ヒイラギの葉の変化

 ヒイラギの葉の形の変化(若木では鋭い棘、老木では丸みを帯びる)は、動物による食害防御と成長段階に応じた生理的変化に関係しています。これは「異形葉性」と呼ばれる現象で、進化の結果として獲得された性質であり、環境や樹齢によって葉の形が変化するのです。

 異形葉性は成長段階や環境条件によって葉の形が変わる現象で、ヒイラギだけでなく、トウモロコシなどでも確認されています。光合成による糖の蓄積が植物の「成熟度」を感知するシグナルとなり、遺伝子発現が変化して葉の形が変わると考えられています。老木でも幹を切って新しい枝を出させると、再び棘のある葉が生じることがあり、葉の形は固定的ではなく可逆的です。

 棘のある葉は捕食者からの防御という明確な適応的役割を持ち、これは進化の過程で獲得された形質です。ヒイラギは「必要な時に棘を出す」柔軟な戦略を持ち、環境や成長段階に応じて葉の形を変える能力を進化させました。また、棘のある葉は日本では「魔除け」として節分の柊鰯(ひいらぎいわし)に使われ、ヨーロッパではクリスマスの飾りに用いられるなど、進化的機能が文化に利用されてきました。

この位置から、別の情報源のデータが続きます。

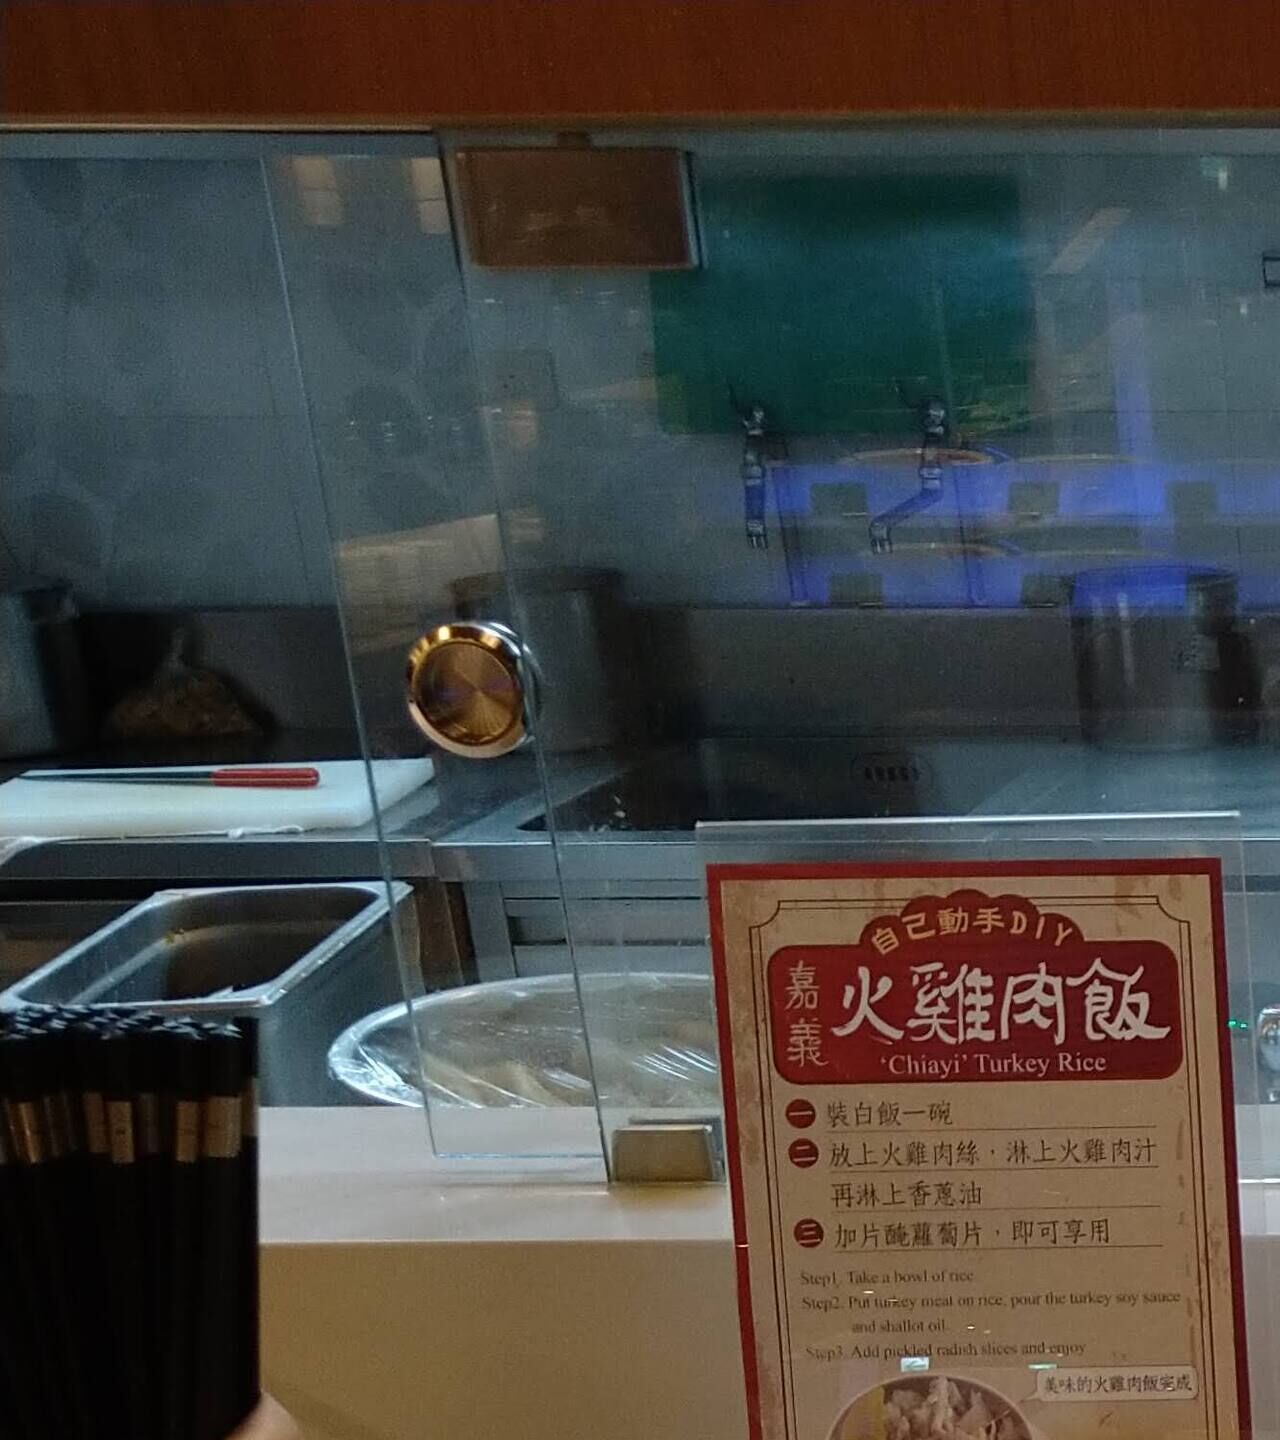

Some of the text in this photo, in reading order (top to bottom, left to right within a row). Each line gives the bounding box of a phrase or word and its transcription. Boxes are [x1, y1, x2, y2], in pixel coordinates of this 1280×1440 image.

 ヒイラギのように成長段階や環境によって葉の形が変化する「異形葉性」をもつ植物は他にもあり、カクレミノ、クワ、ノブドウアカメガシワなどがあります。確かに、子供の頃にクワの丸葉と裂葉の違いを不思議に思った記憶がありますし、カクレミノの葉に丸葉と裂葉があるのも何度か記しました(最後のカクレミノの画像では上が若葉で3裂、下の葉が全縁)。

 ヒイラギの葉の形の変化は特異なものではなく、カクレミノ、クワ、ノブドウアカメガシワなど多くの植物も異形葉性を示しているのです。これらは防御、環境適応、成長段階の違いに関する進化的戦略なのです。